Cette maladie génétique "peut-être transmise des parents aux enfants et affecte principalement les poumons et le foie. Plus la maladie est grave, plus il devient difficile de respirer", détaille Julie Kim, présidente des thérapies dérivées du plasma chez Takeda, se réjouissant de la thérapie qui permettra aux patients de "respirer et vivre à nouveau".
En Europe, on estime que cette maladie touche moins d'une personne sur 2 000. Elle est donc qualifiée de rare. Cependant, elle reste l'une des maladies héréditaires les plus fréquentes. Beaucoup de personnes qui en sont atteintes n'en seraient pas conscientes, jusqu'au jour où elles développent une forme sévère ou un trouble respiratoire grave qui y est lié.

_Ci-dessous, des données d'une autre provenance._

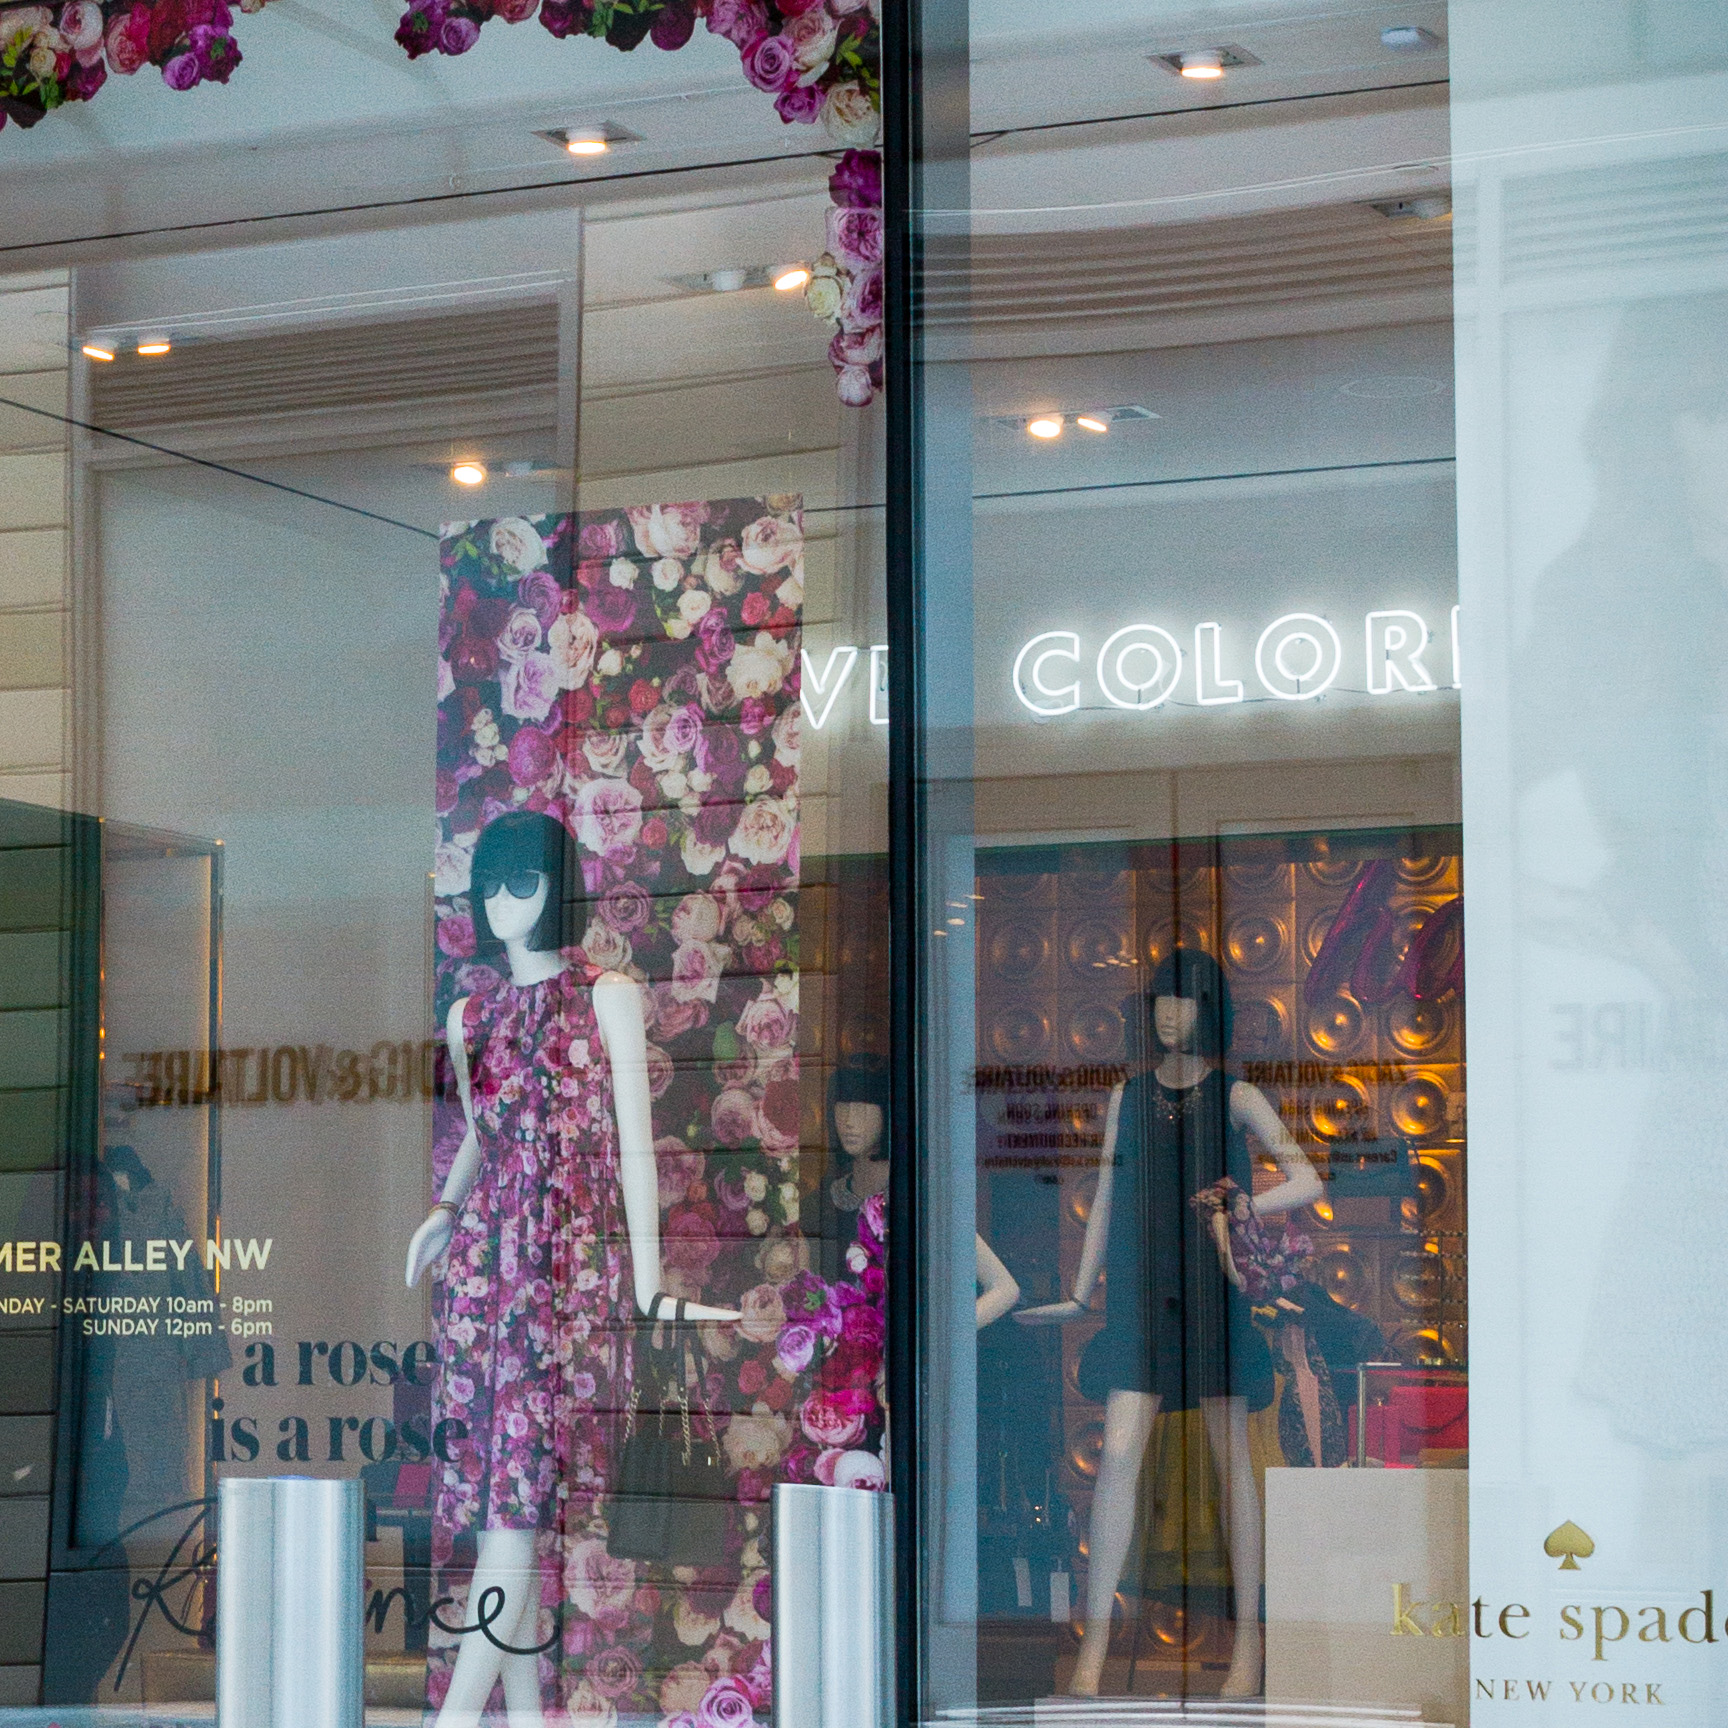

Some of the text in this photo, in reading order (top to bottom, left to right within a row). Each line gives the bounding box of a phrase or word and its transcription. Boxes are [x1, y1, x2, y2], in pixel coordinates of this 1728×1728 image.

[1012, 604, 1462, 717] COLOR
[75, 1239, 194, 1271] ALLEY
[206, 1238, 273, 1270] NW
[63, 1297, 160, 1314] SATURDAY
[167, 1297, 214, 1314] 10am
[232, 1297, 273, 1318] 8pm
[83, 1319, 157, 1336] SUNDAY
[164, 1319, 213, 1339] 12pm
[231, 1319, 273, 1339] 6pm
[242, 1341, 440, 1387] a rose
[210, 1396, 469, 1463] is a rose
[1389, 1582, 1728, 1661] kate spad
[1475, 1678, 1665, 1706] NEW YORK

Fernanda Aspilche, patiente et représentante d'autres patients via son association "Alpha 1 plus" et mise à l'honneur par Takeda lors de l'inauguration, veut croire au projet. Car pour le moment, le traitement produit à Lessines n'est approuvé et vendu qu'aux États-Unis. L'Agence européenne des médicaments ne l'a pas encore validé et les "traitements alternatifs du même genre, qui existent en France par exemple, n'existent pas en Belgique", dit-elle. "Notre association vise à un remboursement du traitement. J'ai moi-même été diagnostiquée en 2019 et je travaille à faire changer les choses", explique-t-elle.

Un secteur à soutenir en Belgique
Si le secrétaire d'État à la relance Thomas Dermine, qui a glissé quelques mots en japonais, est présent, c'est avant tout pour soutenir le secteur en Belgique.

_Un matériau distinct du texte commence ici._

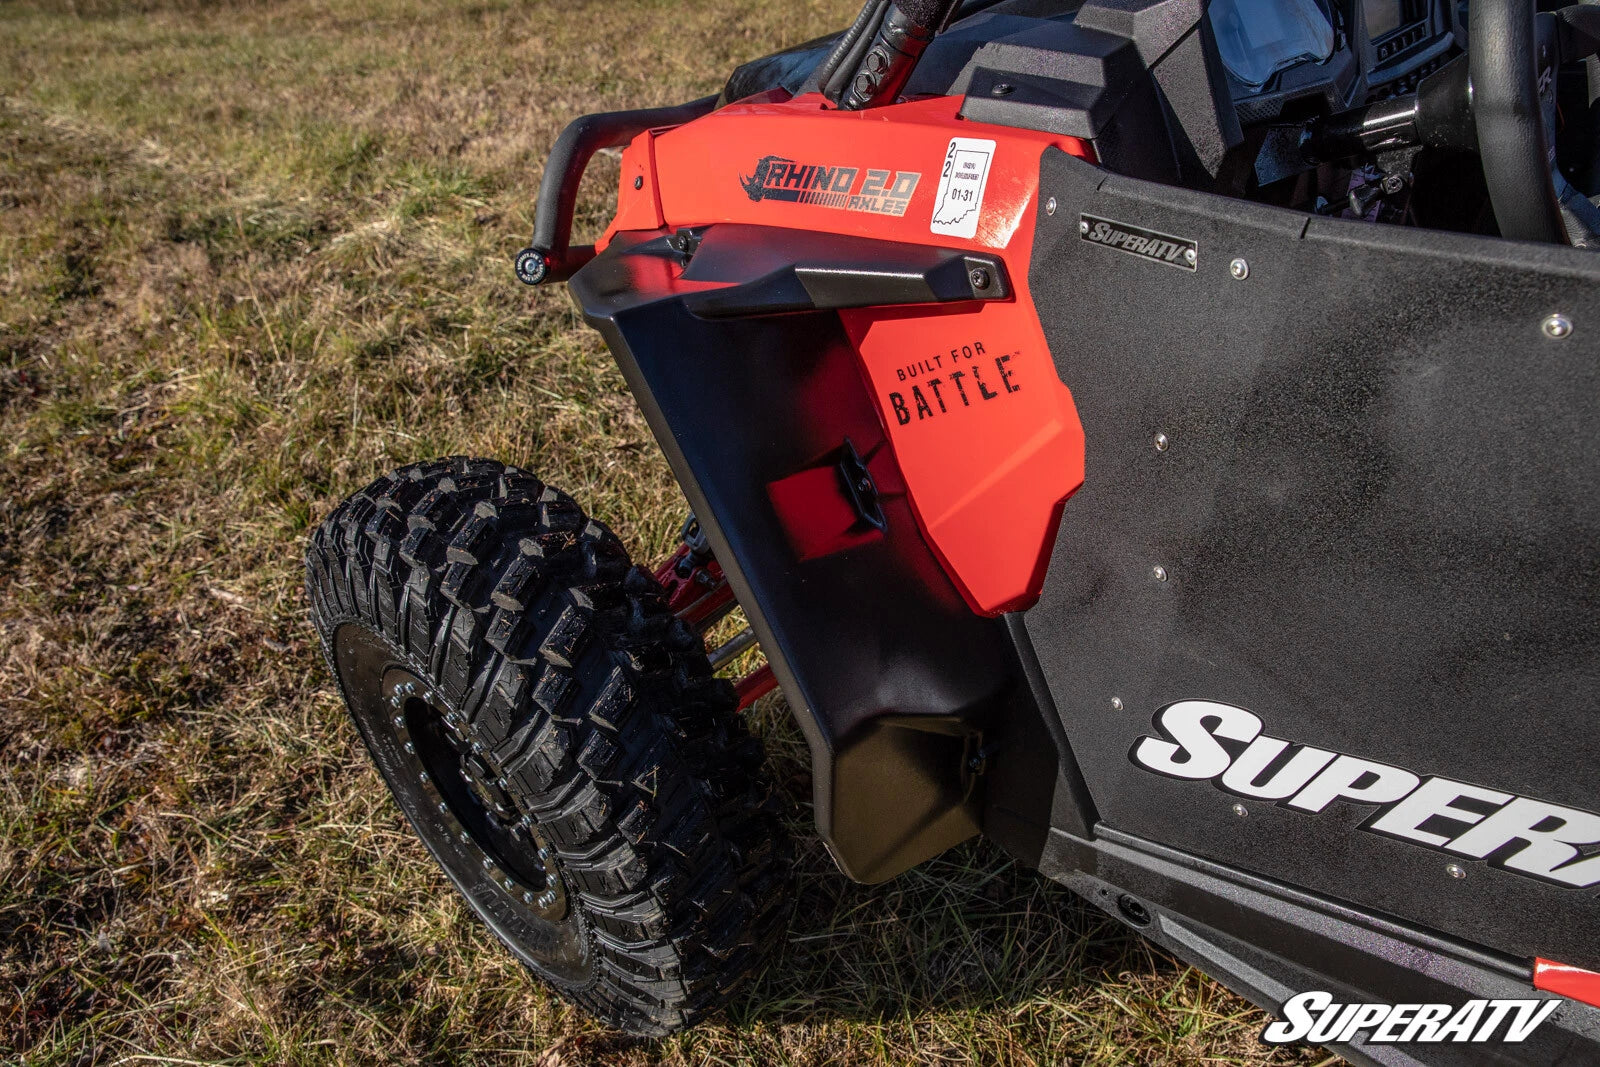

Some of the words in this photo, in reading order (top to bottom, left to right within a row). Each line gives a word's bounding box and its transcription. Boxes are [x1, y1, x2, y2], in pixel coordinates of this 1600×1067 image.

[765, 162, 859, 194] RHINO
[860, 168, 922, 200] 2.0
[951, 188, 974, 202] 01-31
[847, 195, 908, 216] AXLES
[1088, 221, 1187, 261] SUPERATV
[896, 355, 943, 382] BUILT
[950, 341, 986, 363] FOR
[888, 354, 1020, 426] BATTLE

"Les biotechs représentent 35 % des exportations wallonnes. Les plus gros investissements à l'international se font dans le secteur pharma. Pour la Wallonie, c'est donc un secteur très important qu'il faut continuer à développer", commente-t-il. "Ce qui est également intéressant, c'est qu'auparavant, les emplois étaient très qualifiés, dans la recherche. Aujourd'hui, ça devient industriel, donc avec des emplois, comme des opérateurs de production, en adéquation avec le tissu historique de la région", explique-t-il. "C'est pour cela que le projet de Biotech School européen, présent dans le plan de relance, est important. Cela permettra de développer des formations et donc créer la main-d'œuvre nécessaire pour développer la croissance du secteur", affirme-t-il, alors qu'on aperçoit par une fenêtre les milliers de panneaux solaires du site, qui doivent contribuer à l'objectif de neutralité carbone que l'entreprise se fixe pour… 2030.